For months now, The Juice has not only illustrated the reality of our have and have nots economy. We have highlighted where banks downplay it even as they pump up reserves to guard against bad debt. That is consumers defaulting loans. 

In a recent Juice, we noted the following, starting with some data from Bank of America (BAC):

  • The share of credit card spending among consumers is increasing, putting it – all together now – on par with the 2019 level and about to pass where it was in 2022. 
  • Credit utilization rates are climbing across the board, as pandemic savings continues to dwindle. 

What’s even more concerning is that we’re seeing these increases from Bank of America. A bank that’s not necessarily dealing with consumers who have weak credit profiles. 

If you look at the bigger picture the federal government regularly releases, you see the continuation of trends The Juice has been writing about for roughly 18 months now. As you know, we’re big on reading and following the writing on the wall. 

According to the Fed, credit card debt increased by roughly $9.7 billion in July to hit $1.27 trillion, another all-time high.

As we continue to develop and keep you updated on this story, there are two angles that concern us. 

One, the lower end consumer appears on the brink of trouble.

Let’s just say, for the sake of argument, the higher end consumer is perfectly fine. We’ll set aside—for a moment—the above BofA data. Because, if we’re wrong about anything here, it might be that we’re overly concerned with the upper echelon consumer. Stress if.

On the low end, things might be unraveling. 

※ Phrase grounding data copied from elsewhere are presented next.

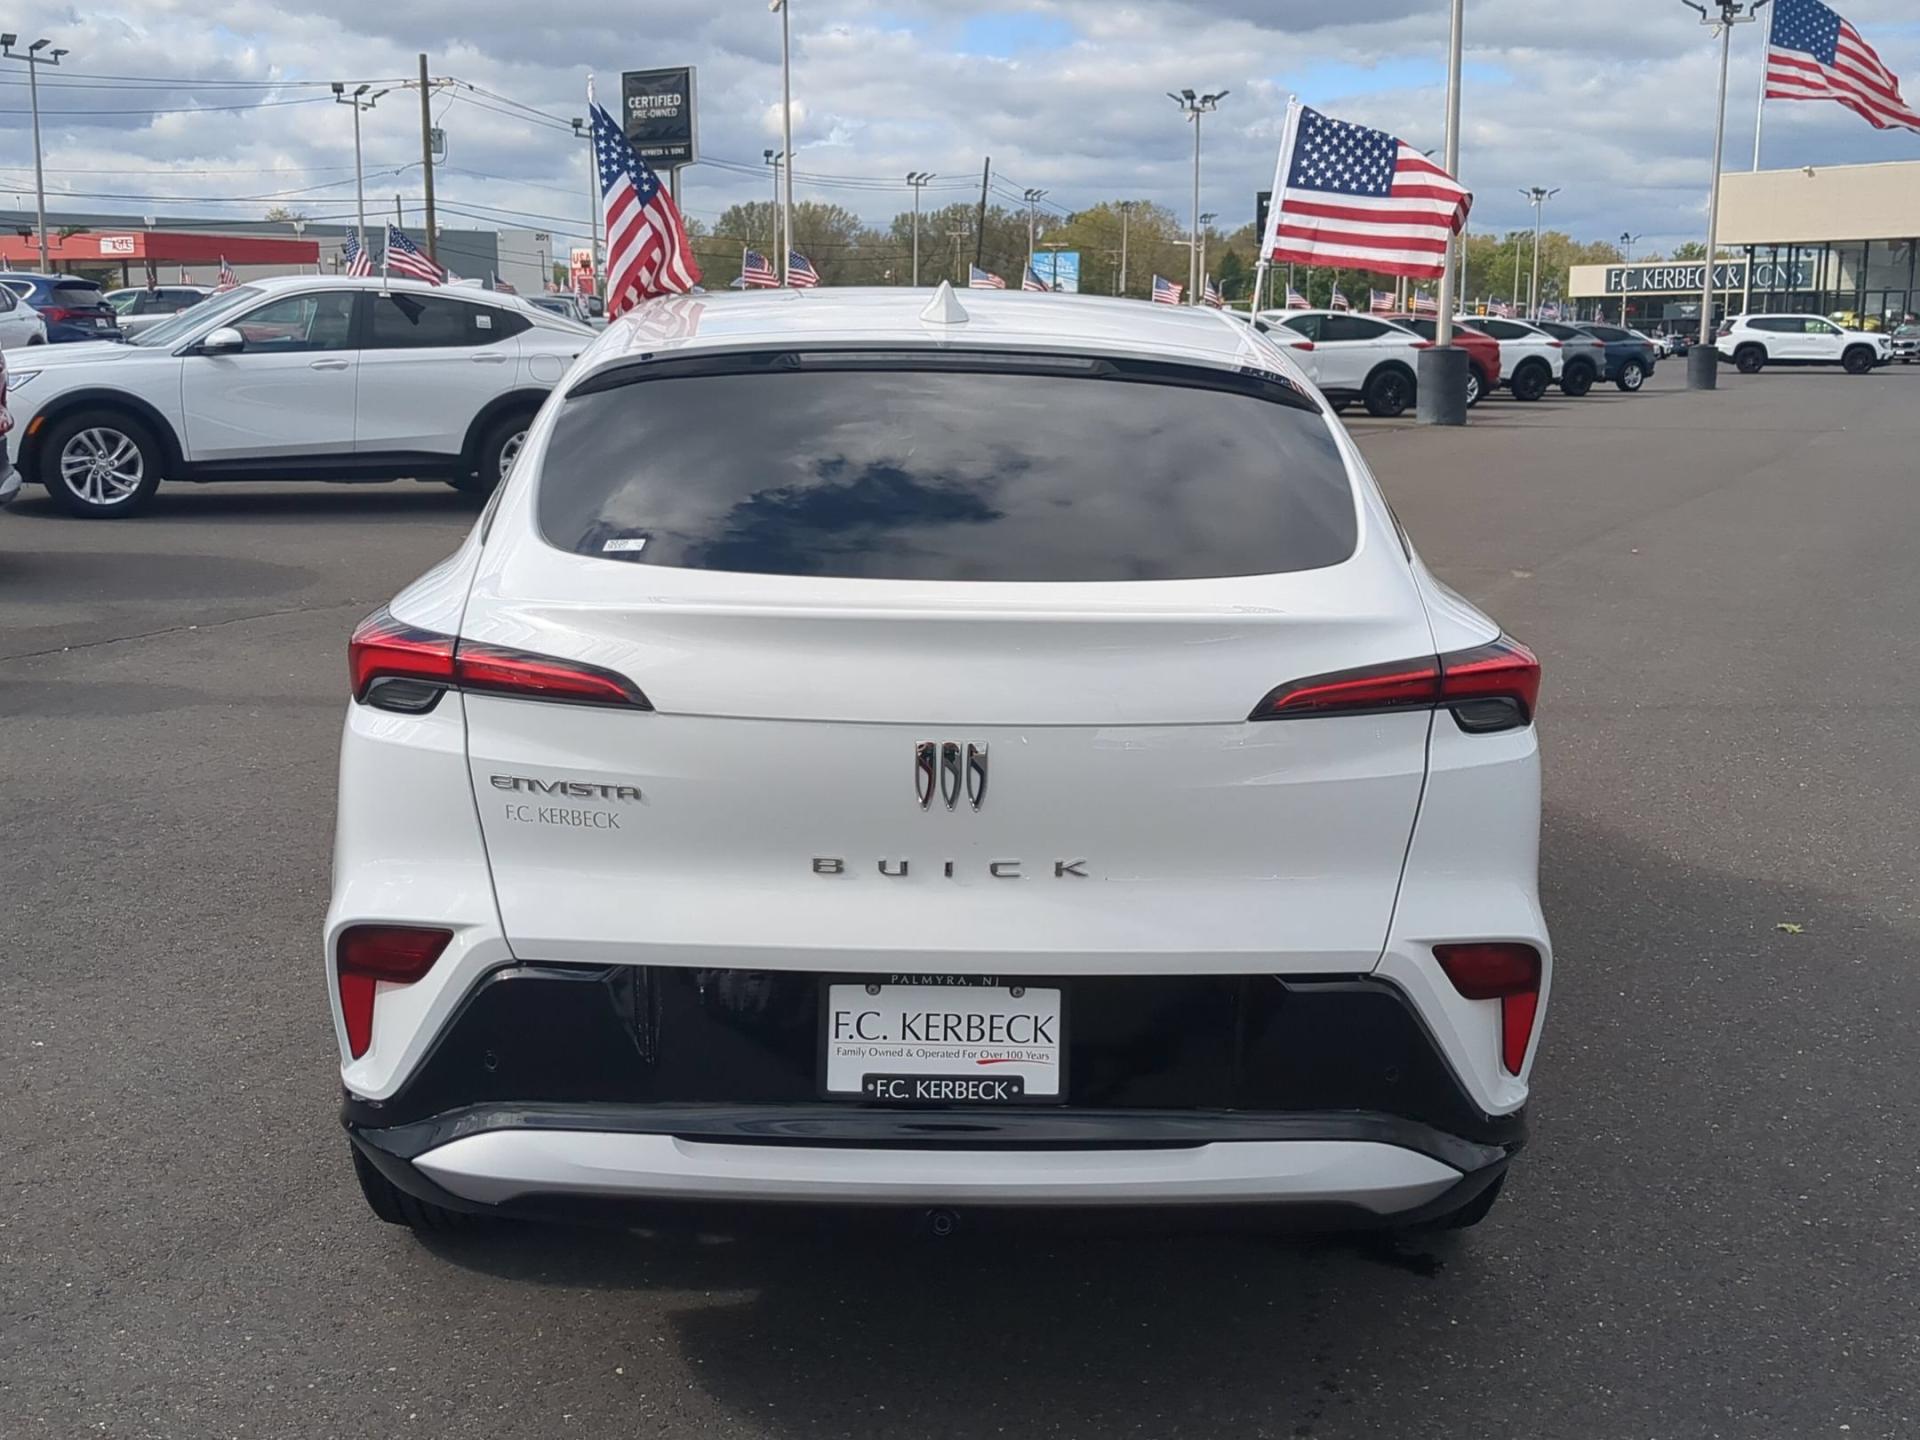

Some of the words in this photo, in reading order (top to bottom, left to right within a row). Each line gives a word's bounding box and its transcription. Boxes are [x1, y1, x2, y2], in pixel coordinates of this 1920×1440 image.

[628, 94, 681, 109] CERTIFIED
[632, 108, 678, 119] PRE-OWNED
[535, 233, 549, 241] 201
[1610, 270, 1637, 291] F.C.
[1642, 266, 1721, 289] KERBECK
[1725, 265, 1741, 287] &
[1751, 263, 1803, 287] ONS
[490, 775, 642, 800] ENVISTA
[506, 804, 533, 822] F.C.
[538, 807, 621, 829] KERBECK
[812, 858, 1089, 878] BUICK
[891, 974, 973, 987] PALMYRA,
[834, 1010, 888, 1041] F.C.
[901, 1012, 1055, 1044] KERBECK
[836, 1047, 866, 1059] Family
[868, 1047, 903, 1057] Owned
[906, 1049, 913, 1058] &
[916, 1049, 960, 1060] Operated
[962, 1050, 977, 1059] For
[980, 1050, 1002, 1060] Over
[1006, 1050, 1023, 1060] 100
[1027, 1051, 1049, 1061] Years
[876, 1079, 909, 1098] F.C.
[916, 1080, 1008, 1100] KERBECK

Earlier this month, a whole slew of banks presented at the 2023 Barclays Global Financial Services Conference. These conferences are public, meant primarily for the ears of analysts and investors who really pay attention. So, of course, The Juice listens to these webcasts. 

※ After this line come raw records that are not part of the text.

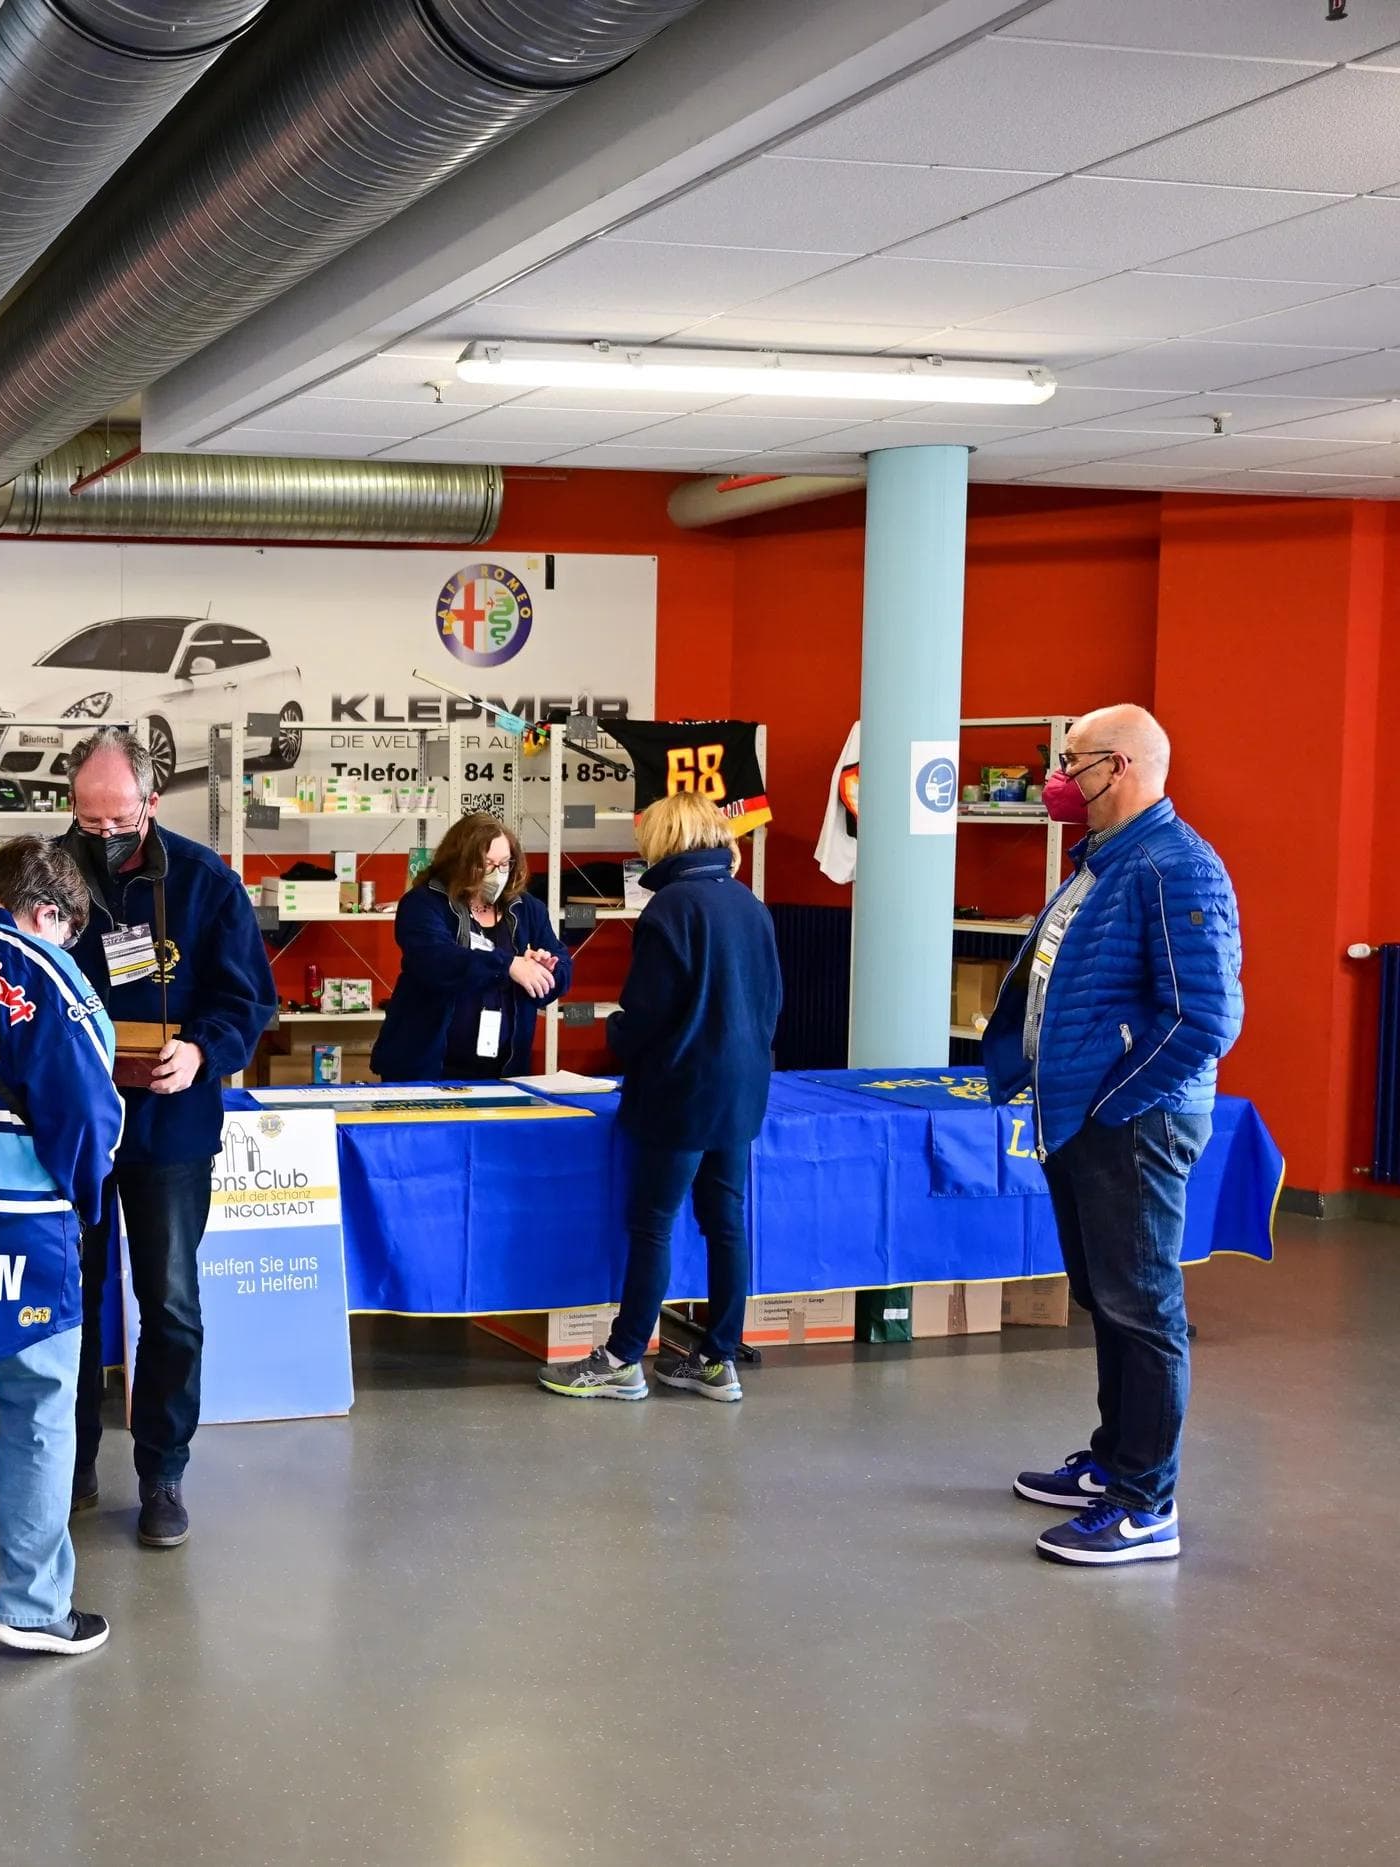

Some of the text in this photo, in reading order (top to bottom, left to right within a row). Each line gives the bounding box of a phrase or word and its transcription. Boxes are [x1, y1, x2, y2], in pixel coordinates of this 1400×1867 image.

[481, 565, 531, 618] ROMEO
[22, 733, 60, 745] Giulietta
[330, 735, 364, 749] DIE
[372, 735, 419, 749] WEL
[667, 744, 727, 800] 68
[211, 1168, 308, 1192] ons Club
[226, 1189, 311, 1203] Auf der Schanz
[224, 1201, 315, 1218] INGOLSTADT
[202, 1256, 318, 1277] Helfen Sie uns
[237, 1274, 319, 1294] zu Helfen!

At this one, several bank execs expressed caution on the low end, summed up best by the head of the 9th most-searched, large cap regional bank stock in Trackstar this month, Fifth Third Bancorp (FITB):

Renters with lower incomes are essentially back to or below pre-pandemic levels of liquidity. There is no buffer left there.

That’s about as straightforward as it gets. 

In the FITBs’ presentation, the bank noted a “Changed credit card strategy, focusing on infootprint prime and super prime transactors.” It also made it a point to tell analysts and investors that homeowners comprise 85% of its portfolio. And that homeowners hold 75% of the banks outstanding auto and credit card debt. 

Other banks also pointed to concerns on the low end and dwindling savings among a broader swath of consumers. 

While FITB made it a point to paint homeowners as better positioned financially to renters, it didn’t distinguish between recent homebuyers and those who bought prior to the increase in mortgage rates and property prices. Which leads us to … 

Two, recent homebuyers could be playing a game of personal financial chicken. 

According to the most recent Black Night Mortgage Monitor data:

  • The average mortgage payment—principal and interest only—was $2,306 in July 2023. 
  • This is an all-time record, and up 60%, or $871, over the last two years.  
  • More than 50% of home purchases in July came with a mortgage payment of more than $2,000 a month. That’s up 18% from two years ago
  • Roughly 23% took on a $3,000-plus payment. That’s up 5% from 2021. 

Again, this payment doesn’t include taxes or insurance, let alone maintenance. 

Therefore, you have to wonder if we can associate some of this credit card spending, dwindling savings and generally tight, if not precarious personal finance to people dealing with house rich, cash poor situations. If so, we have even more reason to worry. 

The Bottom Line: The data really speaks for itself. Ultimately, it’s a slow burn, which is why this story doesn’t make headlines much in the popular and financial media. The story takes some time to unfold. But, make no mistake, it’s unfolding. 

Credit card debt can only go up and savings can only go down for so long. At some point, something’s gotta give. And, if it’s gives in a housing environment that’s anything but affordable, things could get ugly. Not 2008 ugly, just different and ugly nevertheless.